PRO lets you attribute spend to specific projects/templates so you can see which experiments actually drive cost.
Date Range · The starting point for analysis
The Usage Dashboard recalculates everything—cost, tokens, calls, latency, and charts—based on the
selected date range.
That means the same underlying logs can look very different depending on the range you choose.
2-1. Range presets
Use the range button (top-left) to pick common presets or set a custom period.
- Today : Calls from 00:00 to now (today only)

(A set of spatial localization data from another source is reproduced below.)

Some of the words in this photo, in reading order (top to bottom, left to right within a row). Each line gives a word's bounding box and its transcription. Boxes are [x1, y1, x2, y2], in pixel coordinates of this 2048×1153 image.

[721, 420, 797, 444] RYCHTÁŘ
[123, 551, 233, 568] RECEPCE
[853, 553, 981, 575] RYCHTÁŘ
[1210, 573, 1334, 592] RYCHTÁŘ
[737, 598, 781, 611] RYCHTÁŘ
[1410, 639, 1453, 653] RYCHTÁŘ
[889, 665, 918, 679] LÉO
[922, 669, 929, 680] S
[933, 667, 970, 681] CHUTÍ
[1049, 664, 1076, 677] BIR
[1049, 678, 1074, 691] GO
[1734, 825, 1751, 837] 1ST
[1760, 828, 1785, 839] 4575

- Last 7 days : The most recent 7 days including today
- Last 14 / 30 days : The most recent N days including today
- Week to date / Month to date : From the start of the week/month to today
- All time : All stored usage logs
- Custom : Choose start and end dates manually
2-2. What “Last 7 days” really means
“Last 7 days” means 7 days including today.

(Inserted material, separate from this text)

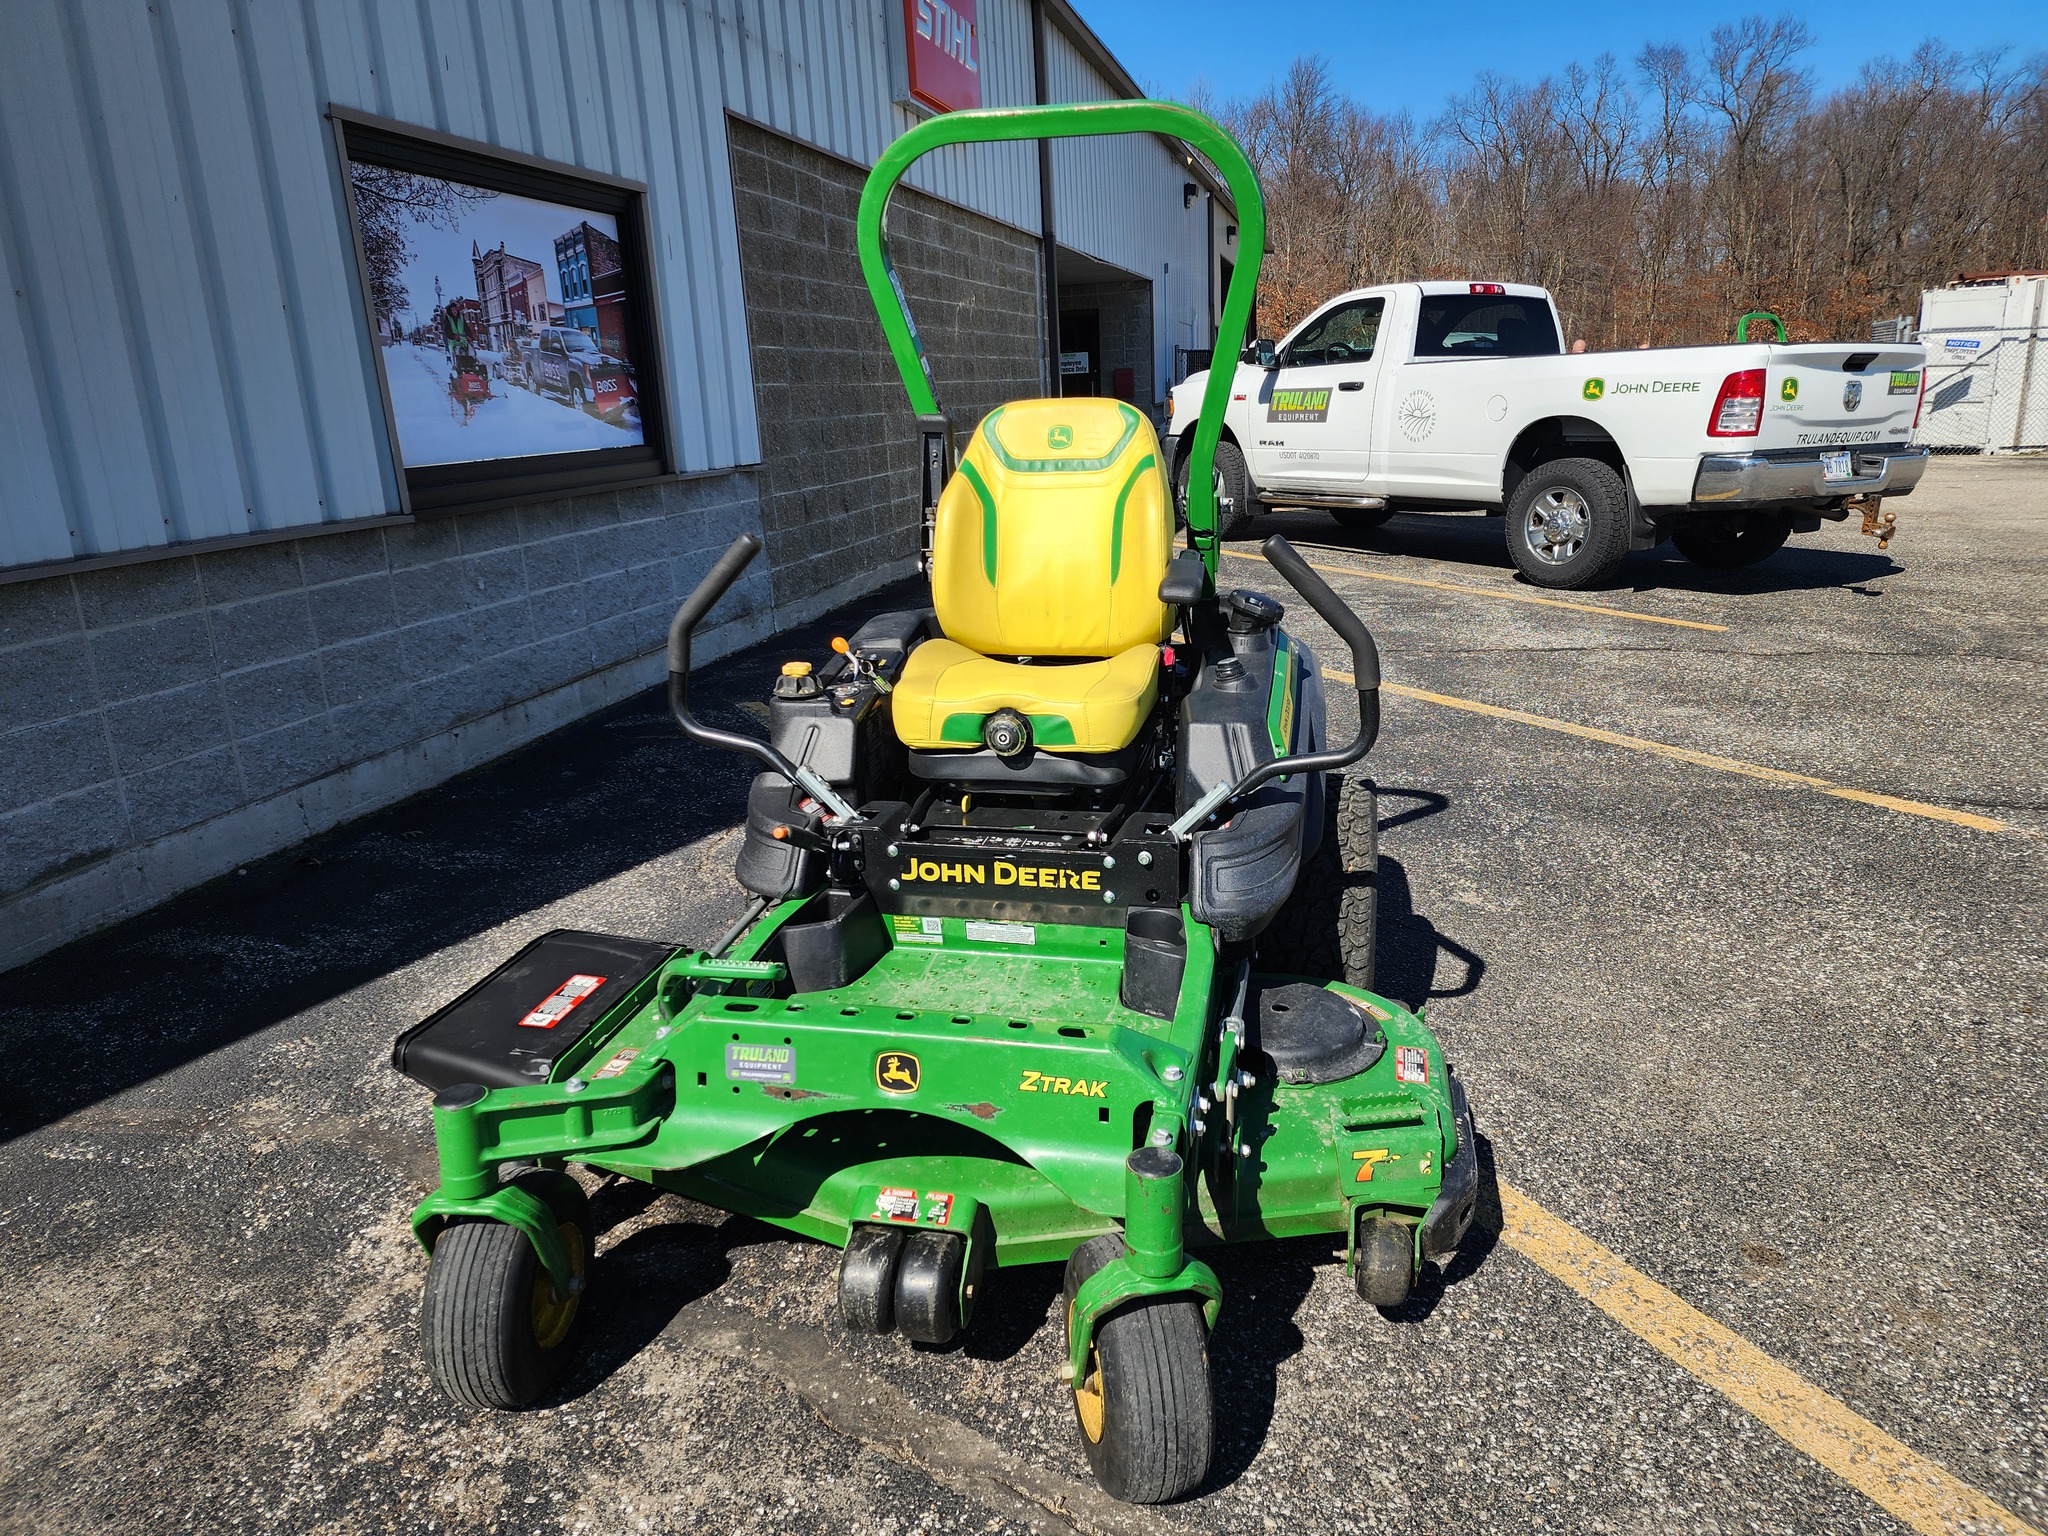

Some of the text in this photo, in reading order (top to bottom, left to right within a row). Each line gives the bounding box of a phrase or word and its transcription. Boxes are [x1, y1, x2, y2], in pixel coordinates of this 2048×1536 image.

For example, if you select Last 7 days on Dec 15, the dashboard aggregates 12/09–12/15.
2-3. Previous period (comparison period)
The dashboard also shows a previous period automatically.

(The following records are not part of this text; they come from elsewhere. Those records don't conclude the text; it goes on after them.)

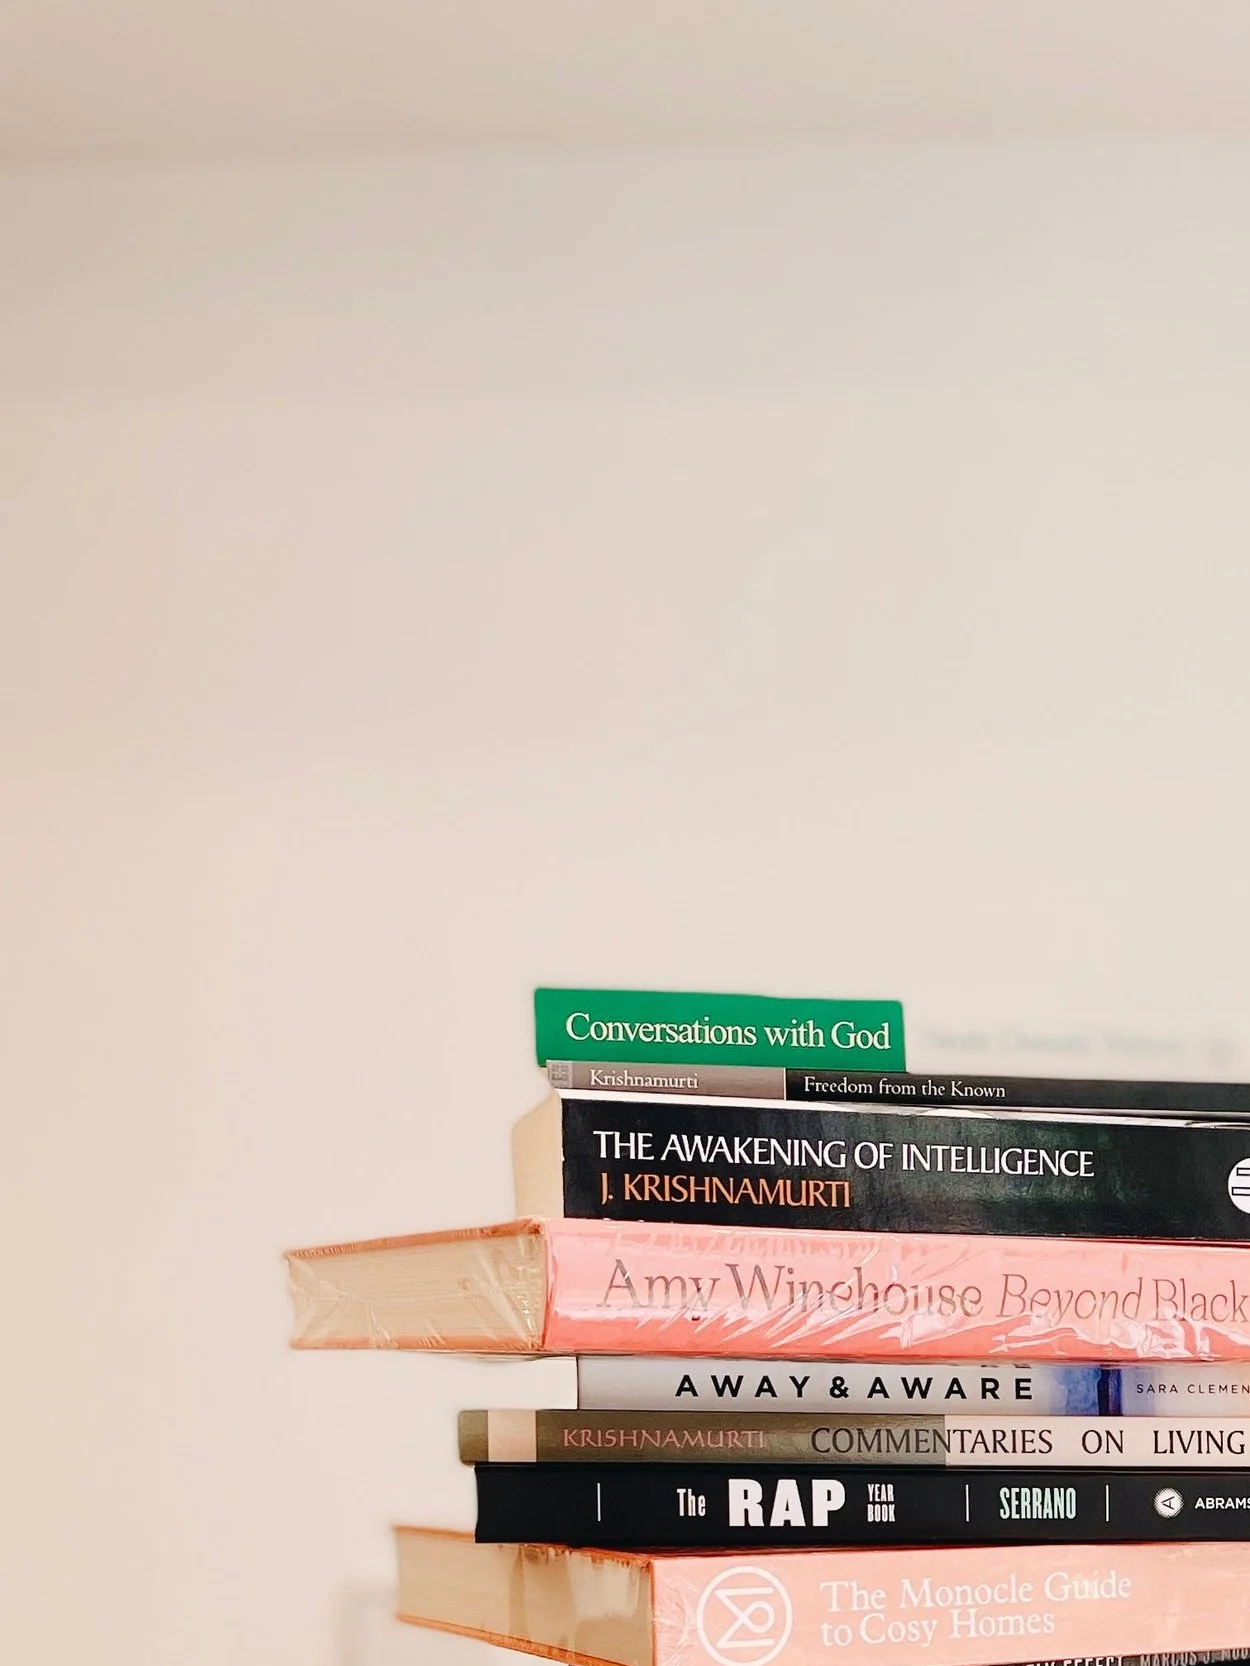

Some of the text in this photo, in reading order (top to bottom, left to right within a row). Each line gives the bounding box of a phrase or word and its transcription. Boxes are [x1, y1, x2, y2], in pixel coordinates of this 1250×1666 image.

[565, 1012, 757, 1047] Conversations
[764, 1019, 826, 1049] with
[830, 1020, 892, 1050] God
[589, 1069, 699, 1090] Krishnamurti
[803, 1075, 1006, 1098] Freedom from the Known
[593, 1131, 1096, 1178] THE AWAKENING OF INTELLIGENCE
[601, 1173, 851, 1207] J. KRISHNAMURTI
[595, 1258, 1250, 1324] Amy Winehouse Beyond Black
[675, 1375, 1033, 1400] AWAY & AWARE
[1136, 1383, 1179, 1394] SARA
[562, 1428, 766, 1449] KRISHNAMURTI
[810, 1427, 1246, 1455] COMMENTARIES ON LIVING
[676, 1478, 846, 1527] The RAP
[867, 1483, 894, 1502] YEAR
[999, 1486, 1077, 1519] SERRANO
[867, 1504, 896, 1523] BOOK
[820, 1569, 1133, 1613] The Monocle Guide
[820, 1608, 1056, 1648] to Cosy Homes

The previous period is the same length as your selected range and immediately precedes it.
- Current range: 11/16–12/15
- Previous range: 10/17–11/15
The dashboard uses these two ranges to compute period-over-period changes for key metrics.
💡Tip: For very short ranges (like Today), some trend sections may be hidden automatically, because the comparisons and cumulative charts are less meaningful.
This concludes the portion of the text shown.